Ürdün ve Körfez’deki Selefilerden IŞİD’e Tenkitler

Fetvalar ve cihadi Selefi âlim ve teorisyenlerin eleştirel tutumları IŞİD taraftarlarının Suriye’deki çetin savaşta saf değiştirmelerini sağlayacak mı?

Abdullah el-Duheylan / Al-Monitor 
Kısaltarak Çeviren: Salih Orhan / Haksöz-Haber

Ürdün ve Körfez’deki Selefilerden IŞİD’e Yönelik Tenkitler Artıyor

Suriye’deki gelişmelerle sadece etkileri bölgenin her yerinde hissedilen mezhep konusu patlak vermedi; aynı zamanda İslami cihad alanında bir örnek oluşturacak şekilde fikrî çelişkiler de meydana geldi. Belki en mühim çelişki, düşman tarafından “hançerlenme” ihtimalinin, kardeşler tarafından “hançerlenme” ihtimaline dönüşmesi. Bu durum, cihadî gruplar, özellikle bu grupların en büyüğü ve en önemlisi olan El-Kaide için kritik bir duruma tekabül ediyor.

11 Eylül olaylarından beri El-Kaide sert bir medya saldırısıyla karşı karşıya. Bu saldırı El-Kaide’yle işbirliği yapanları itibarsızlaştırmayı hedefliyor ve bu kişilerin yaklaşımlarının şeriata aykırı olduğunu vurgulamaya çalışıyordu. Söz konusu saldırı; ne bu gruplarla ilişkisi olan ne de onlara fikren yakınlık duyan, bir gözlemci konumundaki, sadece medyayı takip eden sıradan kimselerde olumlu karşılık buldu. Bu bir başarı olarak görülse dahi; bu başarı yalnızca, bu ideolojiden korkan insanların üzerinde gerçekleşmiş bir başarıydı. Medya yoluyla gerçekleştirilen bu saldırılar, El-Kaide’ye yakınlık duyan dinî grupların katı temellerinde herhangi dikkate değer bir etki oluşturmuş değildir.
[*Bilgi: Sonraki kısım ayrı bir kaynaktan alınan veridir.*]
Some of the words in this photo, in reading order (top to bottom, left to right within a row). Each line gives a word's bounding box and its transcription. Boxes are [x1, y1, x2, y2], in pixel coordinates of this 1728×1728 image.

Bu yakınlık ister Amerika’ya karşı yürüttüğü “küresel cihad” sebebiyle olsun, isterse Filistin sorununun anlaşma yoluyla değil silahla çözülebileceği söylemi sebebiyle, fark etmez.
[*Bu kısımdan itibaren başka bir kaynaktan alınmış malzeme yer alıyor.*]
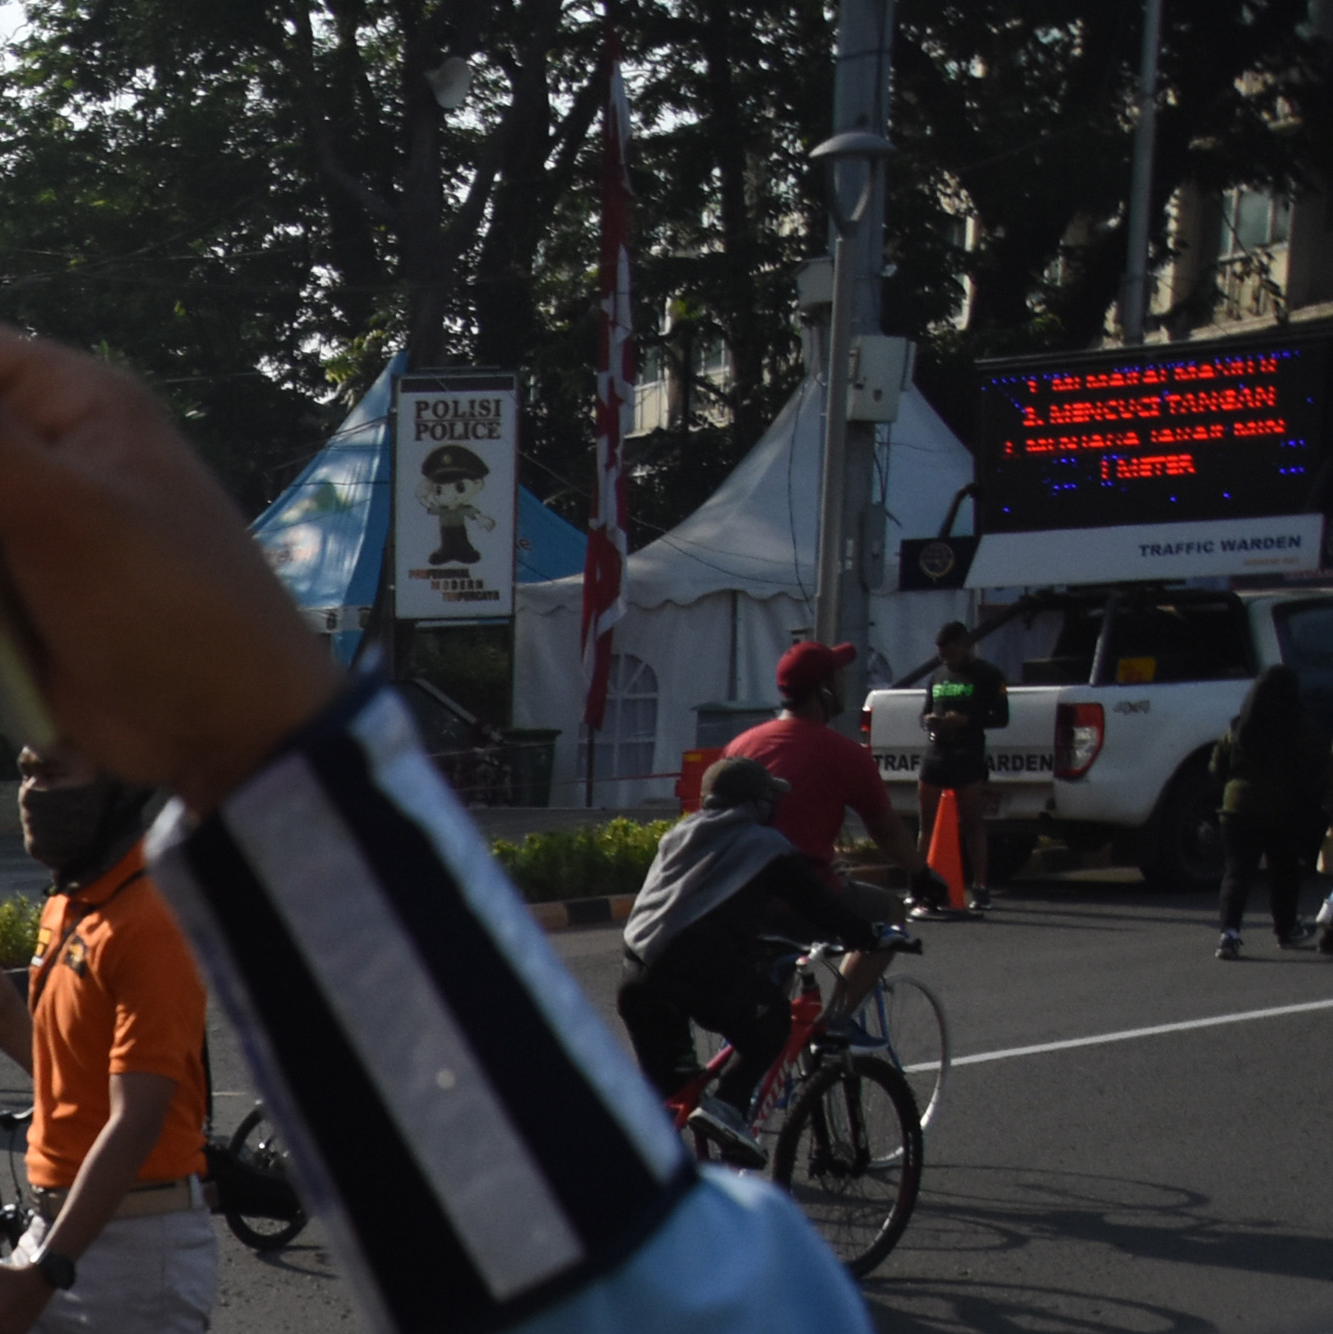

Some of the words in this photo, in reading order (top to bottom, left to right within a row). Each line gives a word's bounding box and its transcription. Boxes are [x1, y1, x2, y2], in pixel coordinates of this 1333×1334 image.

[414, 398, 502, 420] POLISI
[414, 421, 502, 441] POLICE
[1139, 541, 1215, 558] TRAFFIC
[1221, 535, 1302, 552] WARDEN
[874, 753, 921, 771] TRAF
[986, 753, 1054, 771] ARDEN
Milenyumun ilk beş senesinde Suudi Arabistan’ı tarumar eden terörist saldırılardan bu yana her şey aynı kaldı. Medya makinesi yoğun ve sürekli bir şekilde çalışmaya devam etti. Bu medya kampanyasının yanı sıra bir grup vaiz ve şeyhlerin üzerinden El-Kaide’nin benimsediği söylemi eleştiren yeni bir dinî söylem ortaya atıldı. Ne var ki bunların hiçbiri bir taraftan vaazlar ve derslerle teorisyenler eliyle, diğer taraftan kanaat önderi şeyhlerin eliyle işlenen “cihad fikrine”  inanmış kesimlerin bu gruplara olan toplumsal desteğini sarsamadı.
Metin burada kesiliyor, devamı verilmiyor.